Такие речи возбуждали во мне неистовый гнев, ужасным жаром воспламеняли душу и побуждали к бешеным поступкам. Но тотчас ярость сменялась горькими слезами (иногда очень продолжительными), из груди вырывались тяжкие вздохи; чтобы успокоиться, гнала я вещие мысли и насильно надежду возвращала. И так долгое время провела, то надеясь, то отчаиваясь, то непрерывно стараясь узнать, что с ним случилось, что он не едет.
До сей поры, жалостливые дамы, все слезы покажутся легкими, все мои вздохи приятными в сравнении с теми, что печальное перо мое, более ленивое к описанию, чем сердце к чувствованию, готовится изобразить вам. И правда, если предыдущие горести могли рассматриваться как злоключения молодой женщины, более страстной, нежели несчастной, то последующие будут совсем другого рода.
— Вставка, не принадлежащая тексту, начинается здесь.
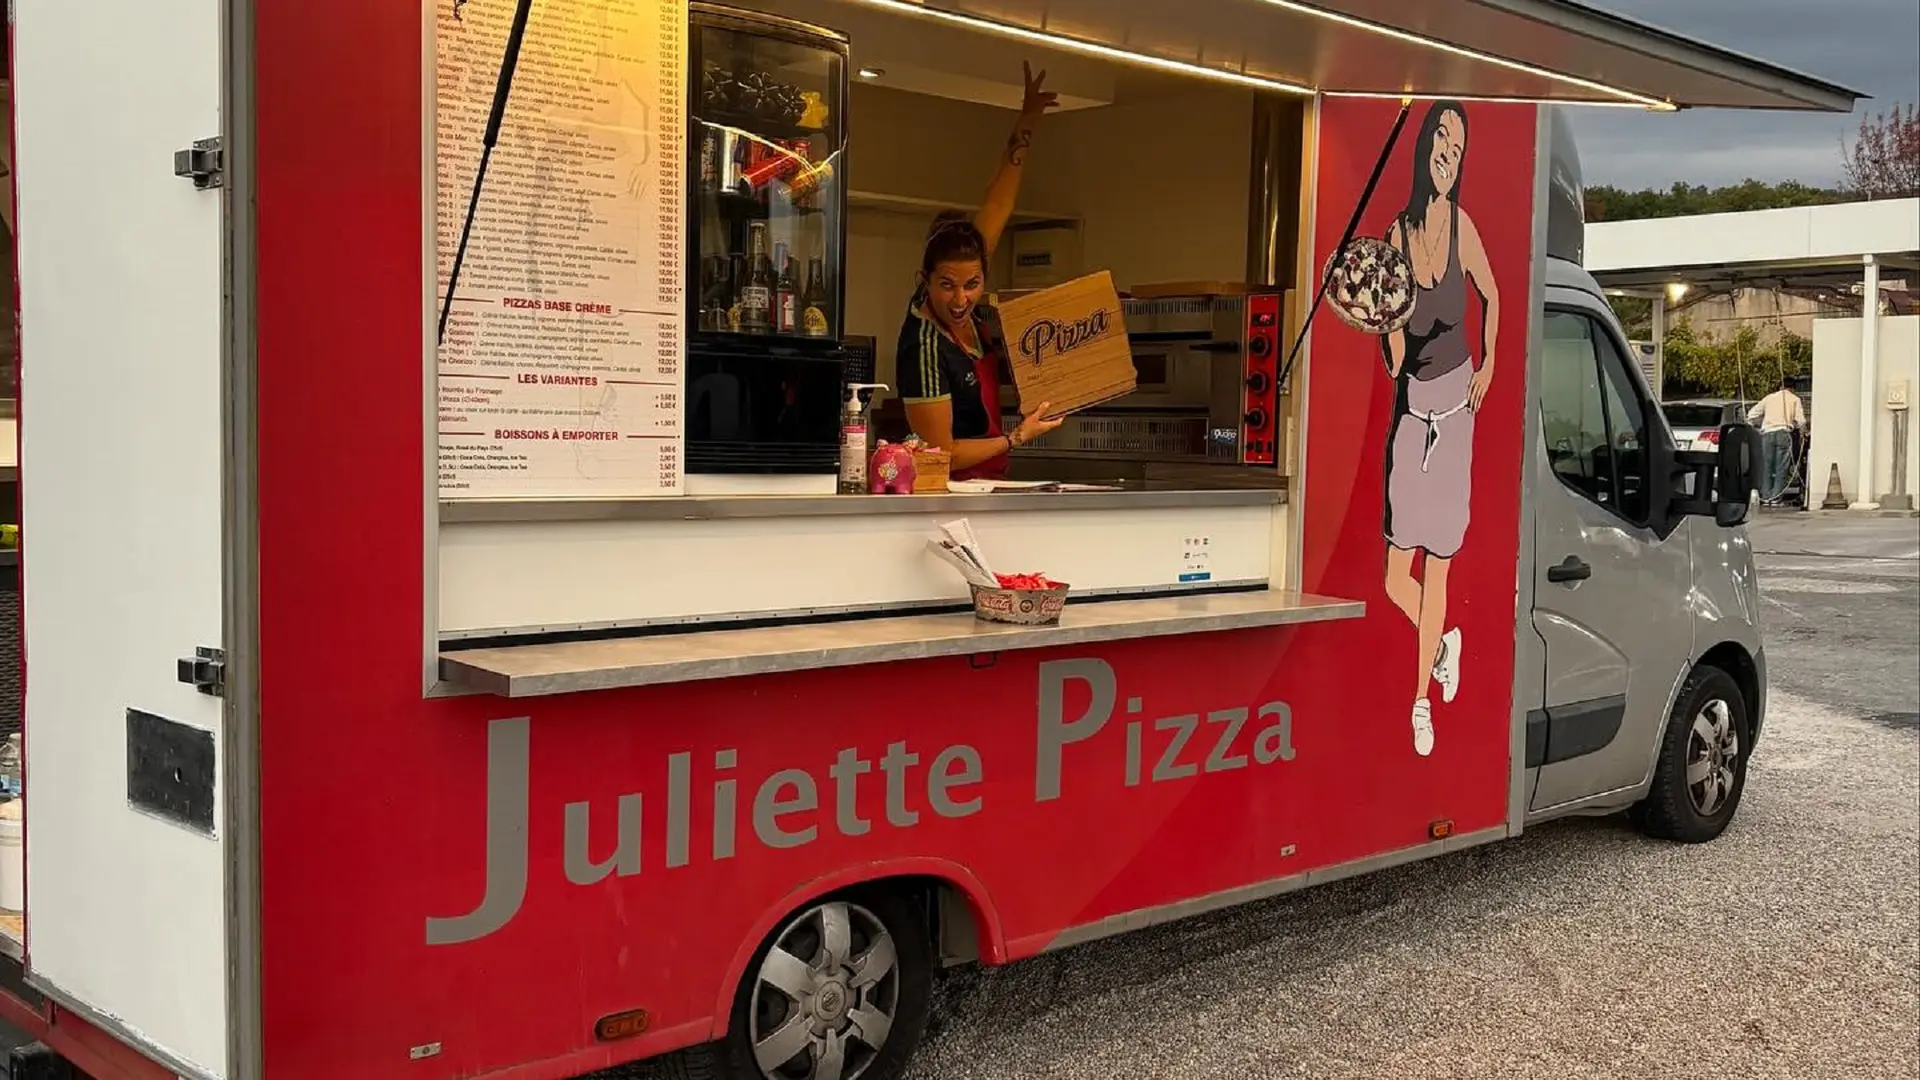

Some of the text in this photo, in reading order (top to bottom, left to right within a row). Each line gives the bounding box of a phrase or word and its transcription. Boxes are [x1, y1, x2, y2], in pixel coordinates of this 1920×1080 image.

Итак, укрепитесь духом, чтобы вас, если вам рассказанные происшествия казались тягостными, не испугали мои обещания, что последующие будут еще тягостнее, и, право, я побуждаю вас к этому печальному занятию не столько для того, чтобы разжалобить вас моею судьбою, сколько для того, чтобы вы, узнавши причину моих бед, остереглись так доверяться всякому юноше; и, может быть, в одно и то же время себя я привлеку к повествованию, вас отвлеку советом и излечу, поведав, что со мной случилось.
Скажу вам, женщины, что, больше месяца по истечении обещанного срока проведя в вышеописанных домыслах, однажды я услыхала новость о любимом юноше. С благоговейной душою отправилась я посетить святых монахинь и помолиться, чтобы Господь или вернул мне Панфило, или, изгнав его из моей памяти, потерянную крепость мне возвратил; и случилось, что, когда я скромно беседовала с сестрами, соединенными со мною узами родства и давнишней дружбы, пришел туда купец, который нам, что Улисс и Диомед Дейдамии и ее сестрам, стал показывать различные убранства, приличные таким женщинам.
По его выговору я узнала, что он земляк Панфило, что он и сам подтвердил, будучи спрошен одною из монахинь. Показав свой товар и продав кое-что из него, он весело стал болтать с сестрами; покуда он ждал платы, одна из них, молодая, красивая, благородного происхождения, та самая, что прежде узнавала, кто и откуда он, теперь спросила, не знал ли он когда-нибудь Панфило, своего земляка. О, как такой вопрос совпал с моим желанием!
Конечно, я была очень довольна и прислушалась к ответу. Купец проворно ответил: «Да кто же лучше меня его знает?»
Девушка с притворным любопытством спросила: «А что с ним теперь?»
«О, – ответил купец, – довольно с него и того, что отец, у которого он единственный сын, к себе его вызвал».
Девушка опять спросила: «Как давно ты имел о нём последние новости?»
«Я думаю, еще нет и двух недель, как я с ним расстался», – ответил тот.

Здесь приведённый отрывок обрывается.